2 Corinthians 11:22-33 - Frederick Brotherton Meyer's Commentary

Bible Comments

Pre-eminent in Labor and Suffering

2 Corinthians 11:22-33

It has been truly said that this enumeration represents a life which up to that hour had been without precedent in the history of the world. Self-devotion at particular moments or for some special cause had been often witnessed before; but a self-devotion involving such sacrifices and extending over at least fourteen years, in the interests of mankind at large, was up to that time a thing unknown. The lives of missionaries and philanthropists in later times may have paralleled his experiences; but Paul did all this, and was the first to do it.

The biography of the Apostle, as told by Luke, comes greatly short of this marvelous epitome. Of the facts alluded to only two-the stoning and one of the Roman scourgings-are mentioned in the book of the Acts; from which we gather that the book is, after all, but a fragmentary record, and that the splendid deeds of the disciples and apostles of that first age will be known only when the Lamb Himself recites them from His Book. But even this enumeration omits all that the Apostle suffered after the writing of this Epistle, including, of course, the sufferings between his arrest and his appearance before Nero.

2 Corinthians 11:22-33

22 Are they Hebrews? so am I. Are they Israelites? so am I. Are they the seed of Abraham? so am I.
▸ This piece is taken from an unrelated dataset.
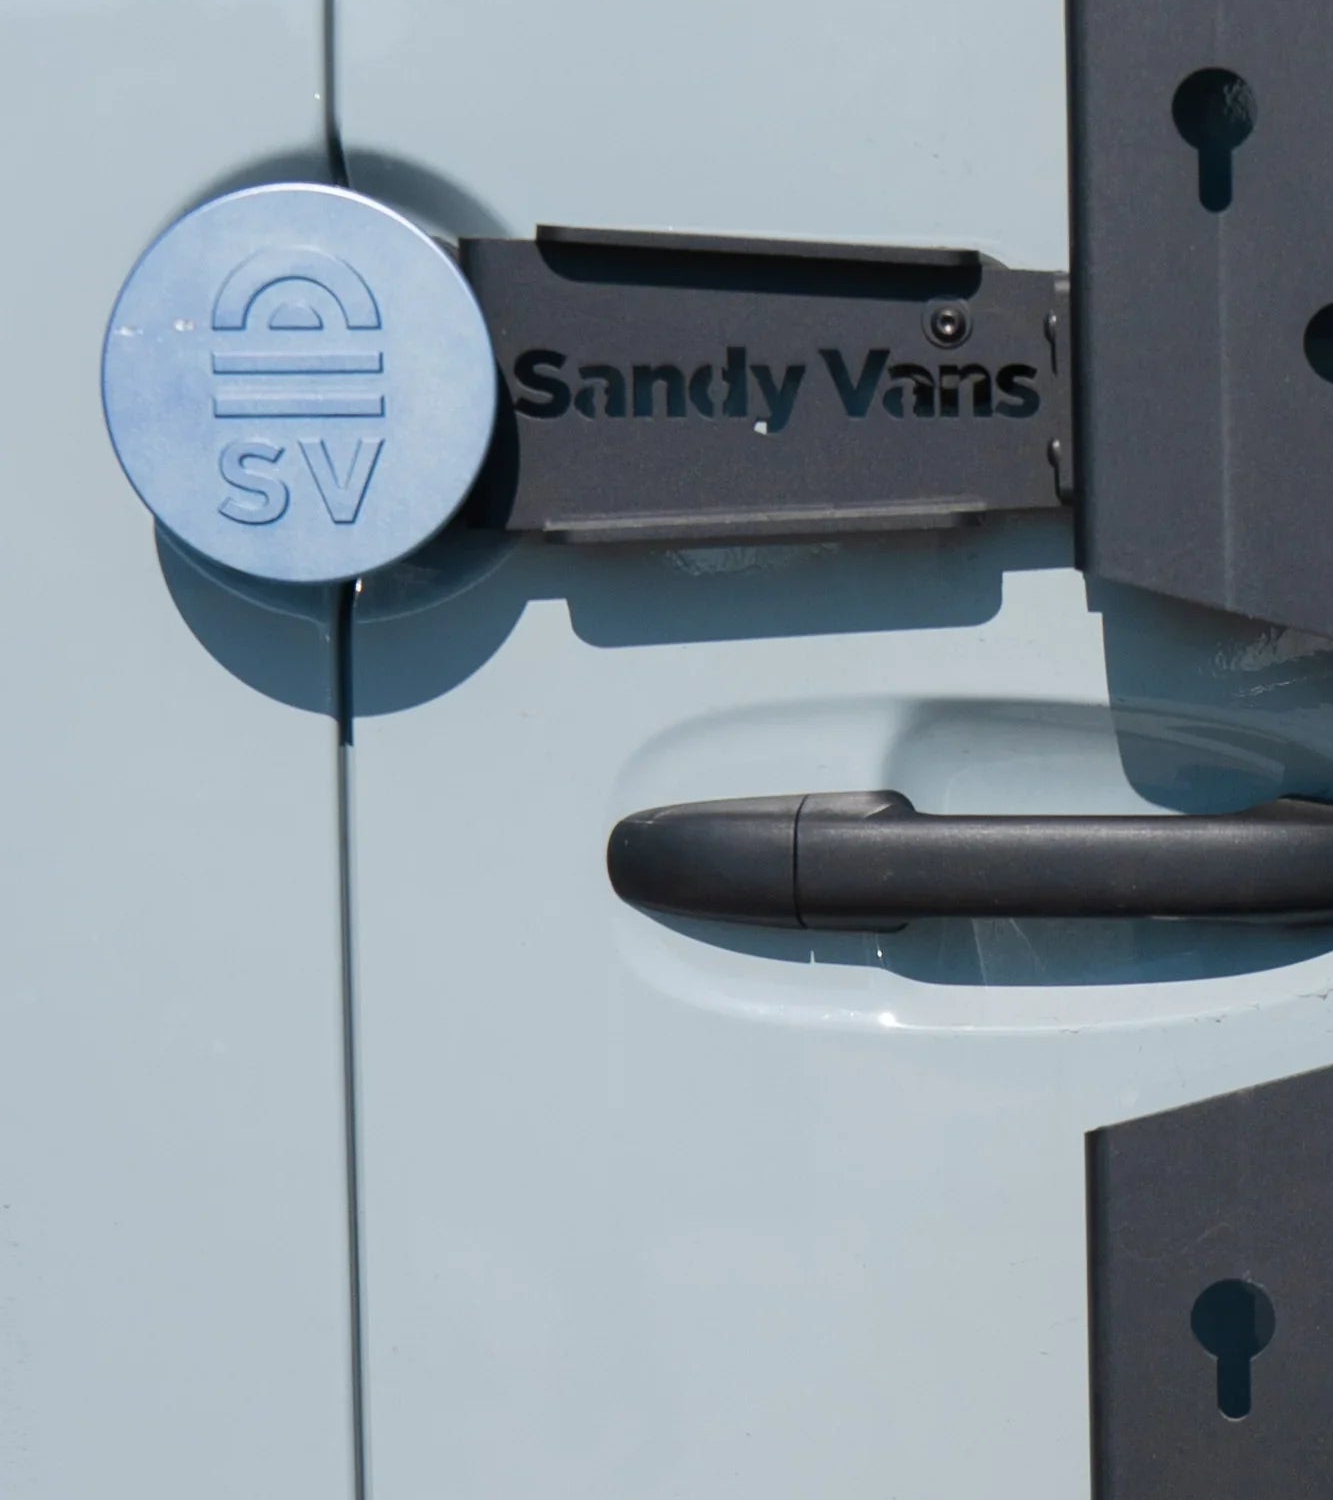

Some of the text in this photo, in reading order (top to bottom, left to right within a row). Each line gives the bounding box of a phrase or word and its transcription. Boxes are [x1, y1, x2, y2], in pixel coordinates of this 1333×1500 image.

[510, 345, 1041, 434] Sandy Vans
[217, 435, 386, 527] SV
23 Are they ministers of Christ? (I speak as a fool) I am more; in labours more abundant, in stripes above measure, in prisons more frequent, in deaths oft.

24 Of the Jews five times received I forty stripes save one.

25 Thrice was I beaten with rods, once was I stoned, thrice I suffered shipwreck, a night and a day I have been in the deep;

26 In journeyings often, in perils of waters, in perils of robbers, in perils by mine own countrymen, in perils by the heathen, in perils in the city, in perils in the wilderness, in perils in the sea, in perils among false brethren;

27 In weariness and painfulness, in watchings often, in hunger and thirst, in fastings often, in cold and nakedness.

28 Beside those things that are without, that which cometh upon me daily, the care of all the churches.

29 Who is weak, and I am not weak? who is offended, and I burn not?

30 If I must needs glory, I will glory of the things which concern mine infirmities.

31 The God and Father of our Lord Jesus Christ, which is blessed for evermore, knoweth that I lie not.

32 In Damascus the governor under Aretas the king kept the city of the Damascenes with a garrison, desirous to apprehend me:

33 And through a window in a basket was I let down by the wall, and escaped his hands.